Unfortunately Google puts a hard limit on RAM for these GPUs, and increasing the number of GPUs also doubles the number of processes run and so the RAM required - so unless I pay for 2 GPUs and let one sit idle I have to train on the much slower P100.

This is .. ok .. 😅 but I'd love to go faster if I can. So far I've tried:

Reducing per_device_train_batch_size to 2
Halving the dataset size
but neither have made a difference.

Do you have any other tips on how I might squeeze into the 85GB you get with an A100? It's so tantalizingly close - I wish Google would just let me add more RAM!

Peter Albert · Answer 1 · Tue Apr 20 2021 22:05:49 GMT+0800 (China Standard Time)

Hi!
you could try to reduce allgather_bucket_size and reduce_bucket_size from 5e7 to 2e7 in the ds_config_gptneo.json. You could also try to further reduze the train_batch_size to 1 and further reduce the size of your dataset.

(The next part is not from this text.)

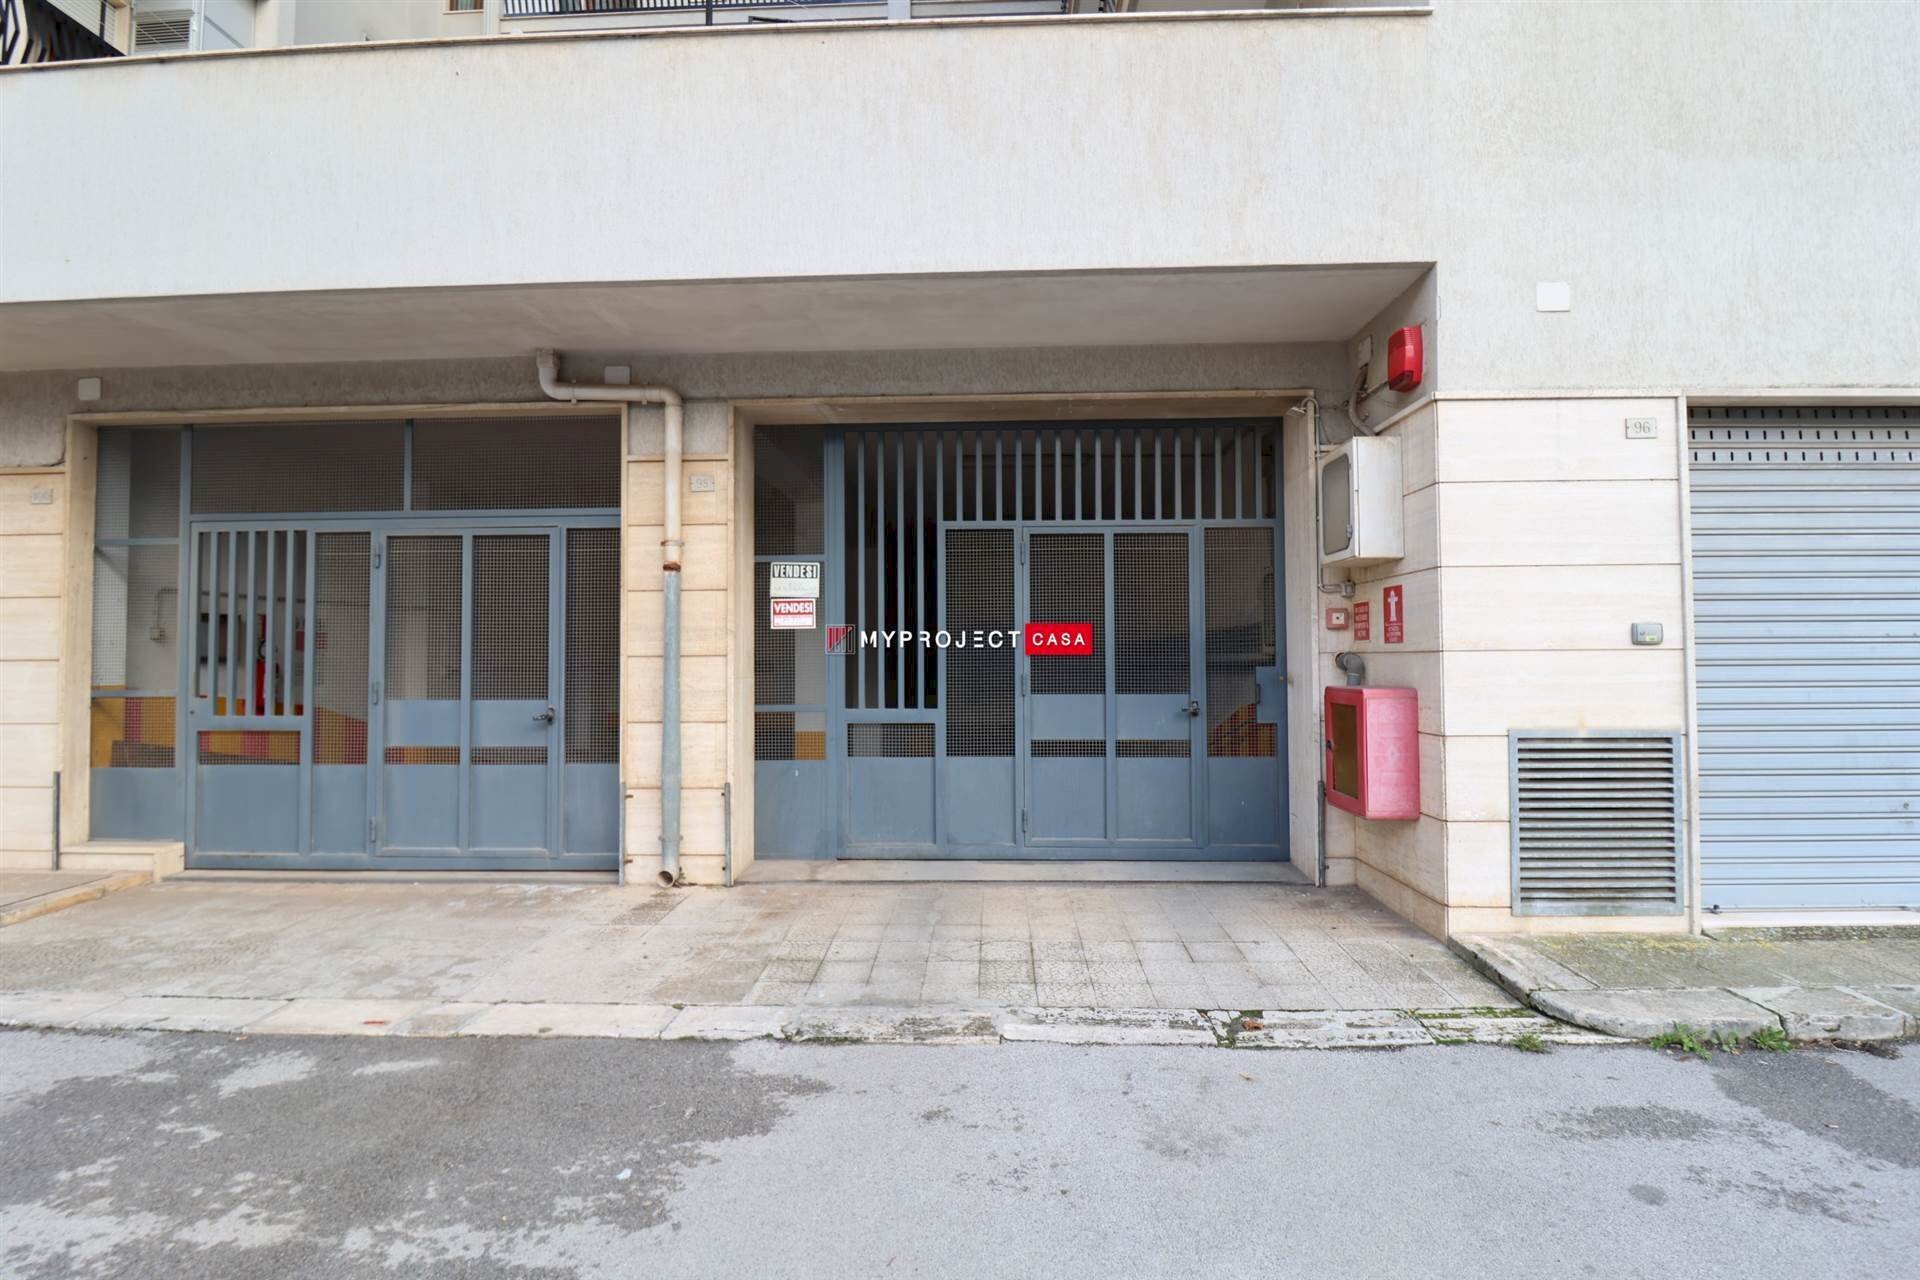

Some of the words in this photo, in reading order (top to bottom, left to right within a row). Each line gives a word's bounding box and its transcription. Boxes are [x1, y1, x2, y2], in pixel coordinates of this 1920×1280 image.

[1633, 420, 1651, 434] 96
[773, 564, 817, 578] VENDESI
[773, 602, 813, 614] VENDESI

Also, while there is a limit for the number of CPUs of 12 per V100, and 8 GB per CPU, google also offers extended memory which can go above that (up to 624 GB for the N1 instance type). For this you need to change these flags when creating your instance:
--custom-extensions --custom-cpu 12 --custom-memory 100

Let me know if these things work :)

jonnyplatt · Answer 2 · Tue Apr 20 2021 23:43:05 GMT+0800 (China Standard Time)

Thanks, that really helped put me on the right track. In the end I had to slash the size of the dataset - it's now down to 45M and running with a per gpu batch size of 1

I tried the allgather / reduce bucket sizes of 2e7 but encountered this error:
RuntimeError: start (0) + length (128657920) exceeds dimension size (90000000).
so I restored it to 5e7 and combined with the smaller dataset its now running.

Best of all, where I was getting '35s/it' on a P100 it's now storming along at '5s/it' on the A100. So about 7x the speed but only 2x the price - very nice!

google also offers extended memory which can go above that (up to 624 GB for the N1 instance type). For this you need to change these flags when creating your instance:
--custom-extensions --custom-cpu 12 --custom-memory 100

I wonder if this will work directly from the CLI ? I didn't try as I already had checkpoints saved on my instance, but I did attempt to edit the instance I'd created - the web UI was definitely limiting me to 78gb per V100 - the A100 aren't available as custom images so are also limited to 85g.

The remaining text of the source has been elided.